Une cinquantaine d’artistes, chanteuses, actrices affichent leur soutien aux femmes Iraniennes dans une vidéo, en se coupant quelques mèches de cheveux.

It is a gesture that has become a symbol of support for Iranian women, who have been demonstrating for two weeks despite the repression: to cut locks of hair or shave their heads.

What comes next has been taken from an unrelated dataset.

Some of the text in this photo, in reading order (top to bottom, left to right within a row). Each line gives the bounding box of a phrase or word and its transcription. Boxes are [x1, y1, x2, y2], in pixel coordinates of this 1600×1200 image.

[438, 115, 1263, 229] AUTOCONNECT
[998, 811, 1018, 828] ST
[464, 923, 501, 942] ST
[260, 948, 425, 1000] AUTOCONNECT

In a video published Wednesday morning by a collective, around fifty actresses, comedians and singers film themselves, scissors in hand, cutting locks of hair. We recognize familiar faces: Charlotte Gainsbourg, Marion Cotillard, Pomme, Angèle, Juliette Binoche, Isabelle Carré, Yaël Naim, Muriel Robin, Alexandra Lamy, Isabelle Adjani, Juliette Armanet, or even Laure Calamy. The soundtrack is the interpretation in Farsi of the song of Italian partisan revolt Bella Ciao, which has become the anthem of protests.

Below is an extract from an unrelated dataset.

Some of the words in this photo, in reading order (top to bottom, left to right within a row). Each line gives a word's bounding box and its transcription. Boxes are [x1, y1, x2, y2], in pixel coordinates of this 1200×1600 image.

hrough this video, all bring their solidarity to the Iranian women, two weeks after the death of Mahsa Amini . This 22-year-old young woman died on September 16, after being arrested by the morality police in Tehran. She had left hair sticking out of her veil . Since then, demonstrations have shaken the country, and nearly a hundred demonstrators have died .

“Silence can be the worst form of violence”
Three lawyers are at the initiative of this video: Richard Sédillot, specialized in the defense of human rights (he had already mobilized for the release of the Iranian lawyer Nasrin Sotoudeh ), the president of Paris Julie Couturier, and the former president of the Conseil national des barreaux, Christiane Feral Schuhl. The actress Julie Gayet supported them. “Iranian women need to know that they are not alone” , explains Julie Gayet to France Inter. “Silence can be the worst form of violence” .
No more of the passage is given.